Please forgive this simple analogy but it helped me: If you think of the bridge as a little boat floating on the banjo head, each of these strings is like a passenger in the boat and the passengers differ greatly in weights. The boat is very poorly trimmed in the water (on the banjo head) because the heaviest passenger is on one end and the lightest passenger is on the other end. So you can imagine what the boat does when the passengers start to jiggle in their seats when the banjo is played!

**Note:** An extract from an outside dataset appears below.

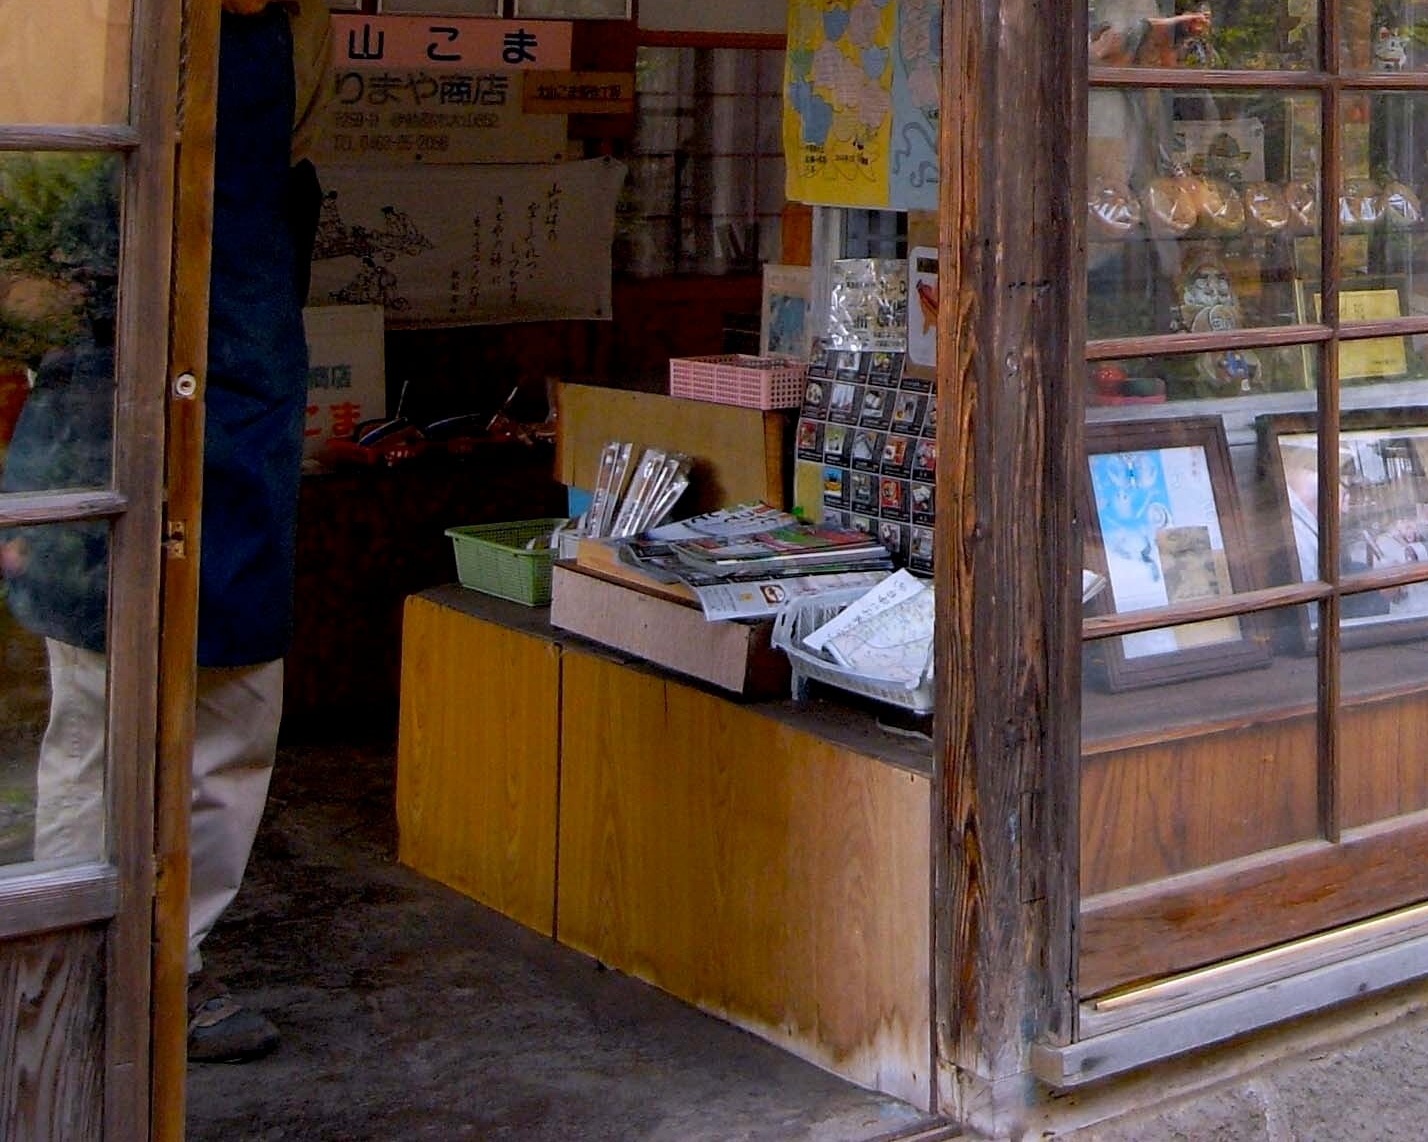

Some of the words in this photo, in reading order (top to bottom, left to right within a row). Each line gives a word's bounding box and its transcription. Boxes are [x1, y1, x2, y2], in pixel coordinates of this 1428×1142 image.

The Oettinger allows the banjo player to vary the downward force of each string - in effect change the weights of the passengers in the analogy. When an arm of the Oettinger is raised, the downward force on the bridge is lowered. You can do this with almost any tail piece by canting it to one side, but this is a crude adjustment. What the Oettinger does beyond this is to enable you to optimally "trim" the bridge on the head by listening to the sound of the banjo as each of the arms is raised or lowered.
You can shorten this process by pushing down on the Oettinger 'finger' slowly while plucking the string and you will hear the best sound from that string when the 'finger' is the right distance from the head. Try to hold that position and tighten the Oettinger adjustment screw with the other hand. This gives a good starting point if you do this for each string. But one time across the 'fingers' is not enough.
I use an Oettinger tailpiece on my Gibson tenor and Paramount tenors but not my Irish tenor (tuned low GDAE). I suspect that the payoff is not as great for plectrum banjos and five string banjos because the downward forces on the bridge are not as great or as poorly distributed as they are on a tenor with traditional tuning. It makes a huge difference on my Gibson."
~ Frank Geiger
Most people seem to attach the strings to the tailpiece as shown in the picture to the left. The problem with this method is the loop can pull over to one side and the string pulls out of the groove that runs down the middle of each finger.
I tie a small looped Bowlin Knot and loop that over the 'hook' with the actual knot beneath the hook, then I pass the string back through the loop and along the finger groove. This ensures that the string runs down the whole length of the finger. This method may only work for nylon strings, I've never tried it with steel strings.
The usual adjustment of the Oettinger tailpiece is with the treble strings having reduced downward pressure and the bass strings having increased downward pressure. On this 5 String Oettinger you can see that the 1st string has less downward pressure than the fourth. Banjo sound is very subjective and the Oettinger makes getting the sound you want achievable.